**Work required**
All of the data should be repeated exactly; pictures are not part of the copy.

**Records to use**
== Segment start ==

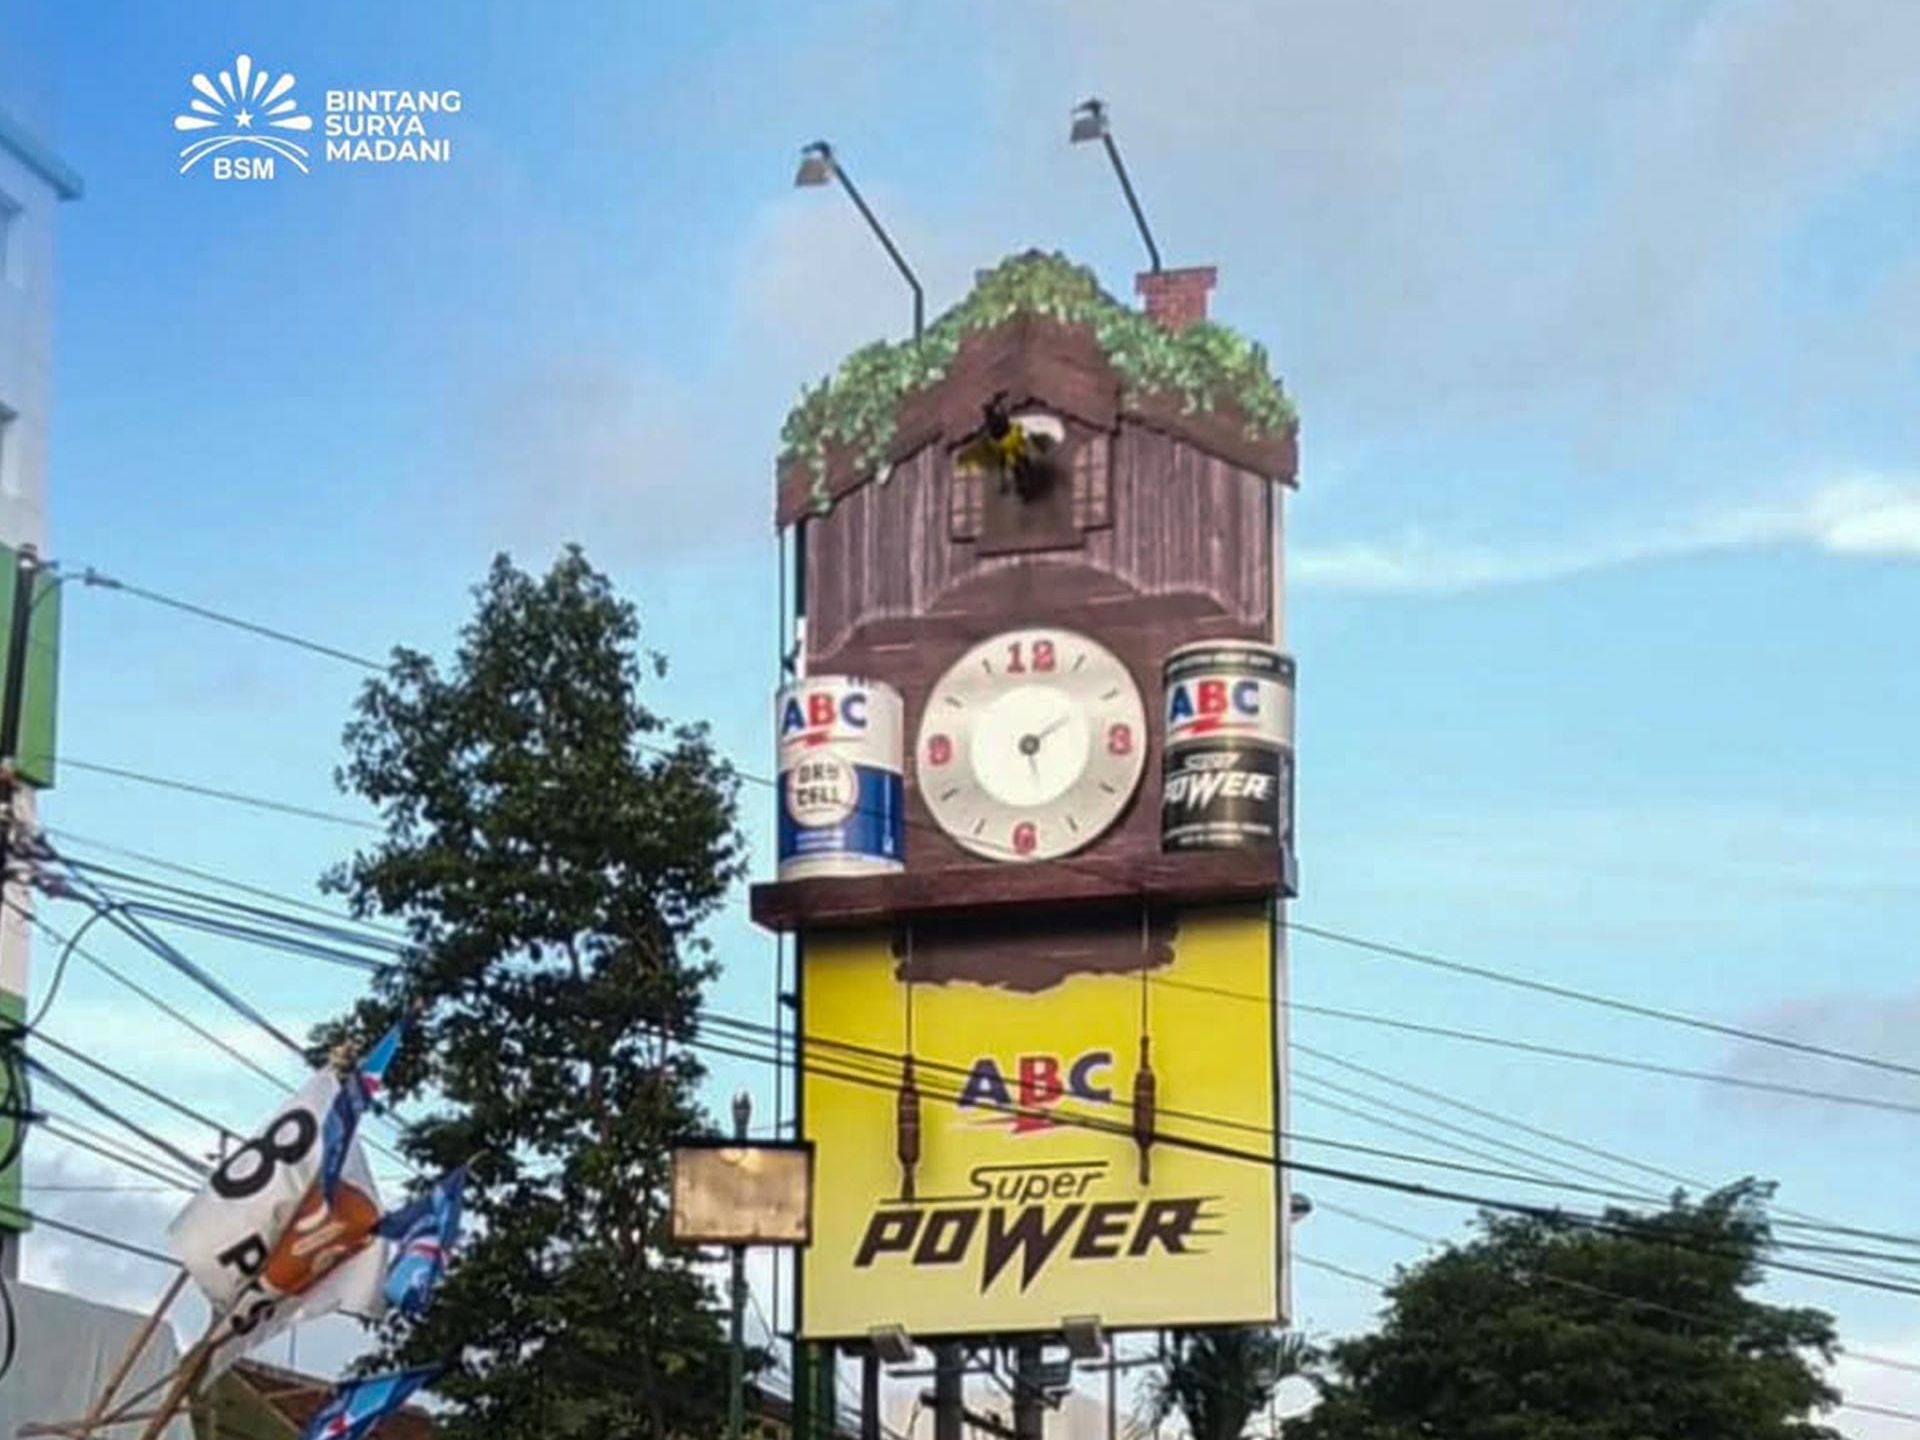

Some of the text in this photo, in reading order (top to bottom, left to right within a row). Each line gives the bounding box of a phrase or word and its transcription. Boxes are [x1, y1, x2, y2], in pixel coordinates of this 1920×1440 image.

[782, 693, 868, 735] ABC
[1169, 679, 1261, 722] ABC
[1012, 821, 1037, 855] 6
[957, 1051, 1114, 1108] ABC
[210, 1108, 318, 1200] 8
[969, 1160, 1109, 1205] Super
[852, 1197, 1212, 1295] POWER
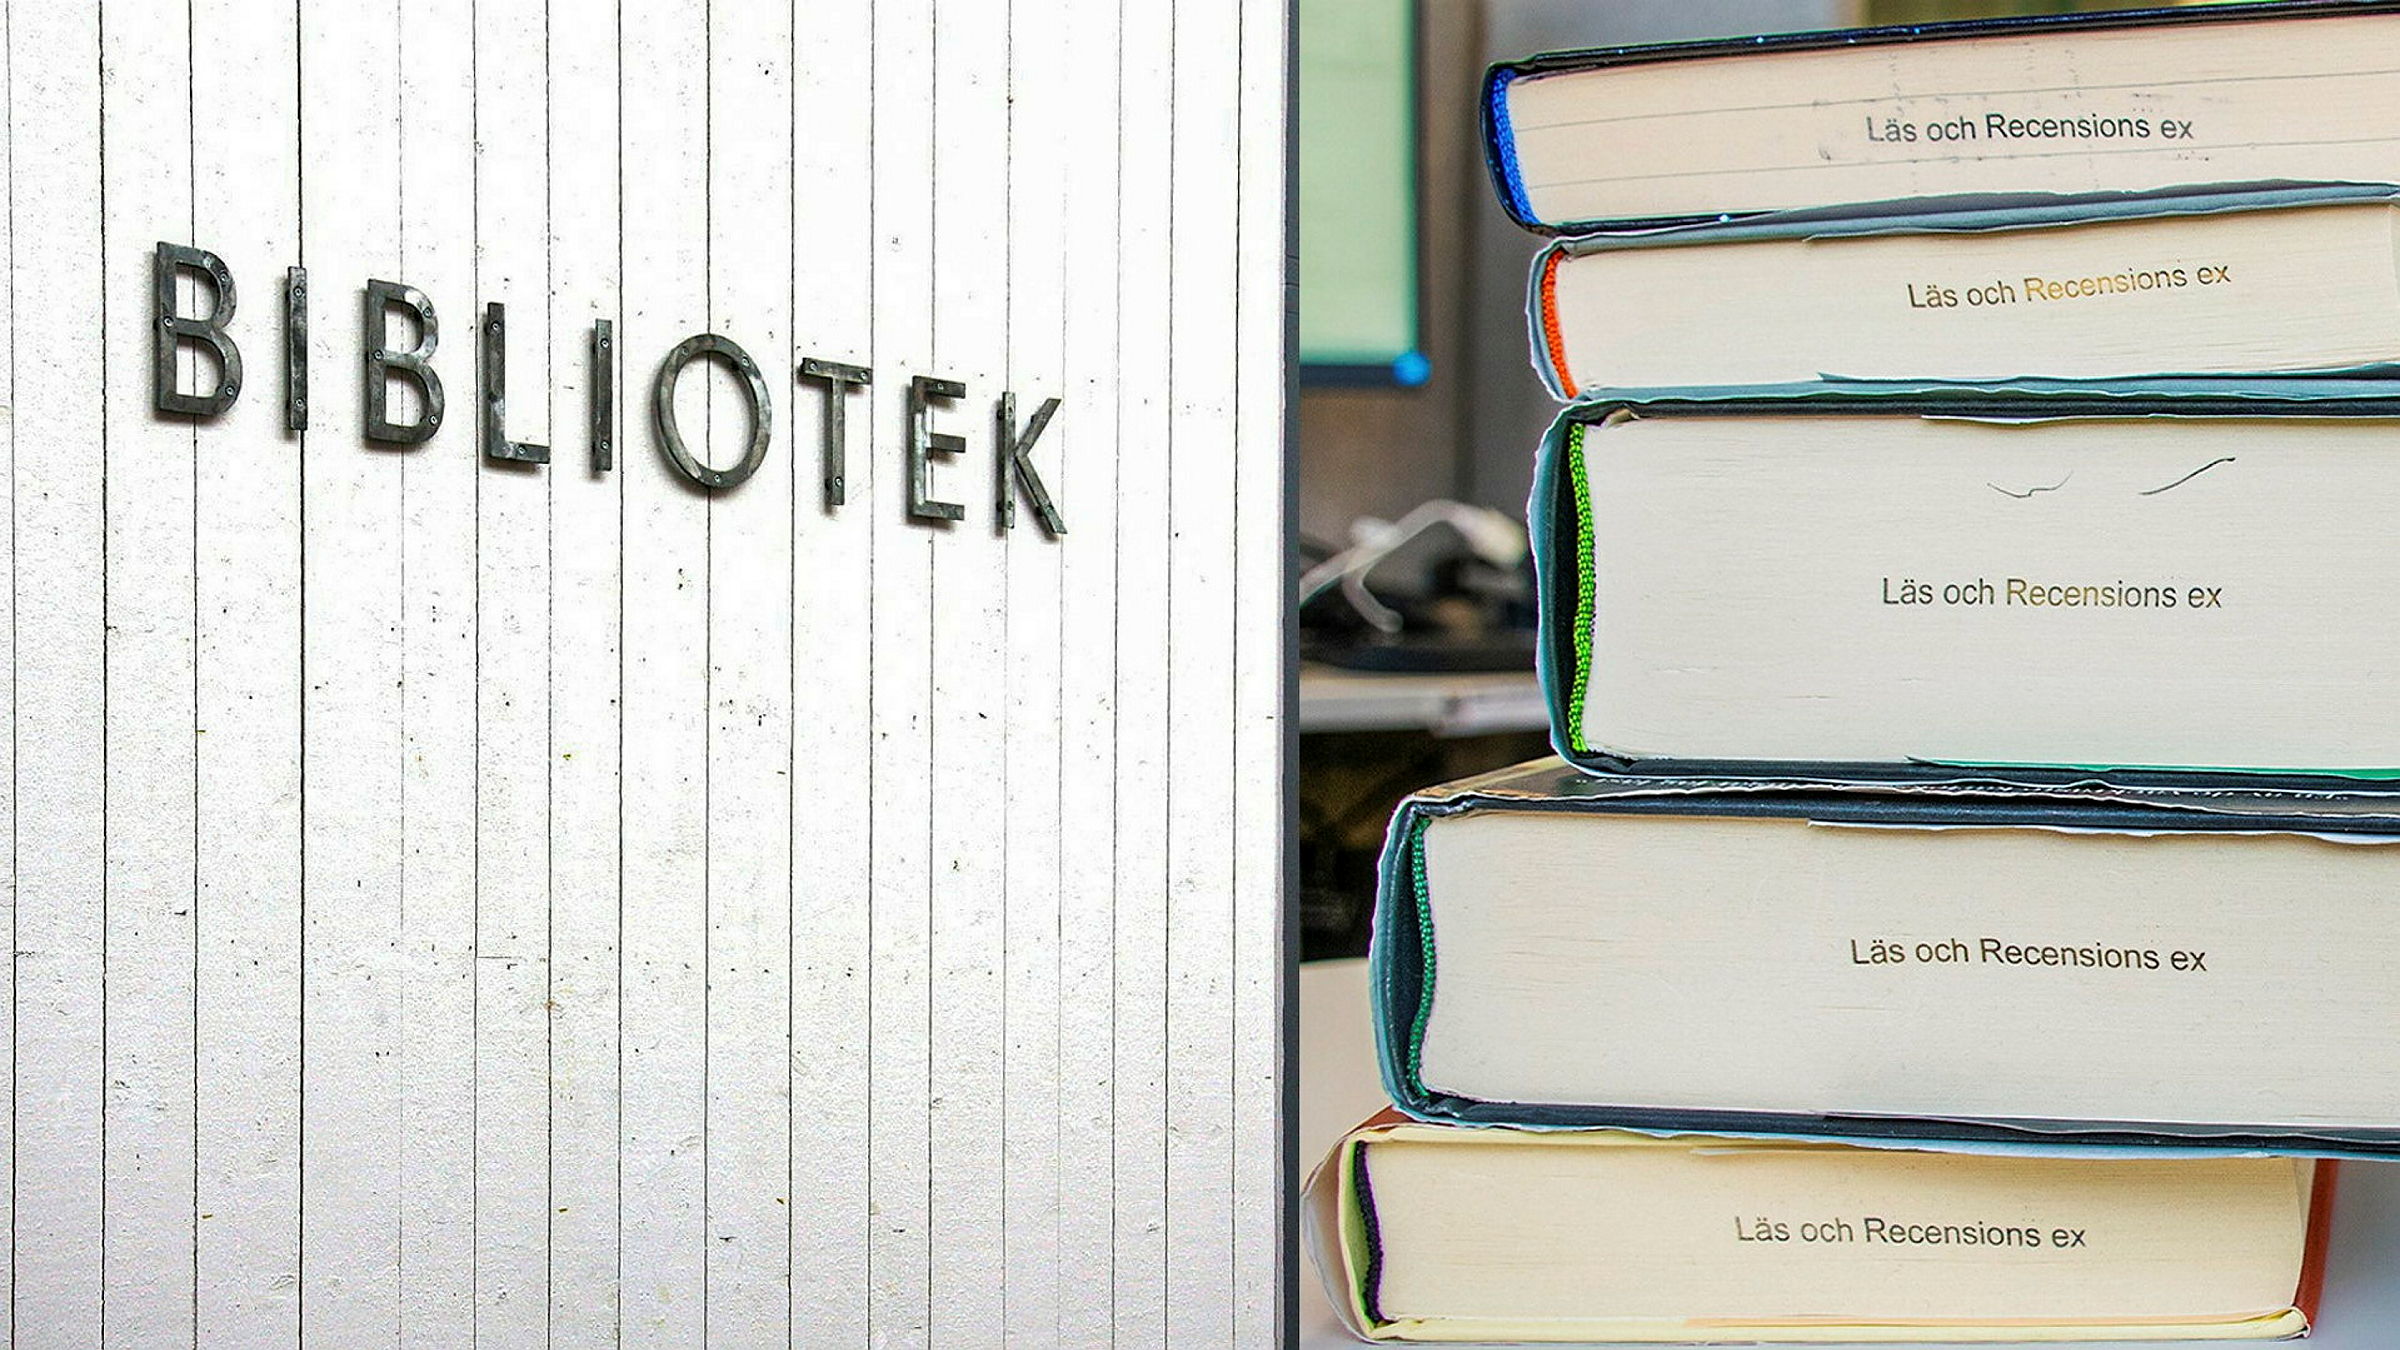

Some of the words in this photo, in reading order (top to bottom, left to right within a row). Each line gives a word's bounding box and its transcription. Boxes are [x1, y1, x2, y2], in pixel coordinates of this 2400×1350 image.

== Segment end ==

**Solution to this problem**
Some of the text in this photo, in reading order (top to bottom, left to right within a row). Each line gives the bounding box of a phrase or word and its transcription. Boxes are [x1, y1, x2, y2], in pixel coordinates of this 1920×1440 image.

[782, 693, 868, 735] ABC
[1169, 679, 1261, 722] ABC
[1012, 821, 1037, 855] 6
[957, 1051, 1114, 1108] ABC
[210, 1108, 318, 1200] 8
[969, 1160, 1109, 1205] Super
[852, 1197, 1212, 1295] POWER

Some of the words in this photo, in reading order (top to bottom, left to right within a row). Each line gives a word's bounding box and its transcription. Boxes are [x1, y1, x2, y2], in pixel coordinates of this 2400×1350 image.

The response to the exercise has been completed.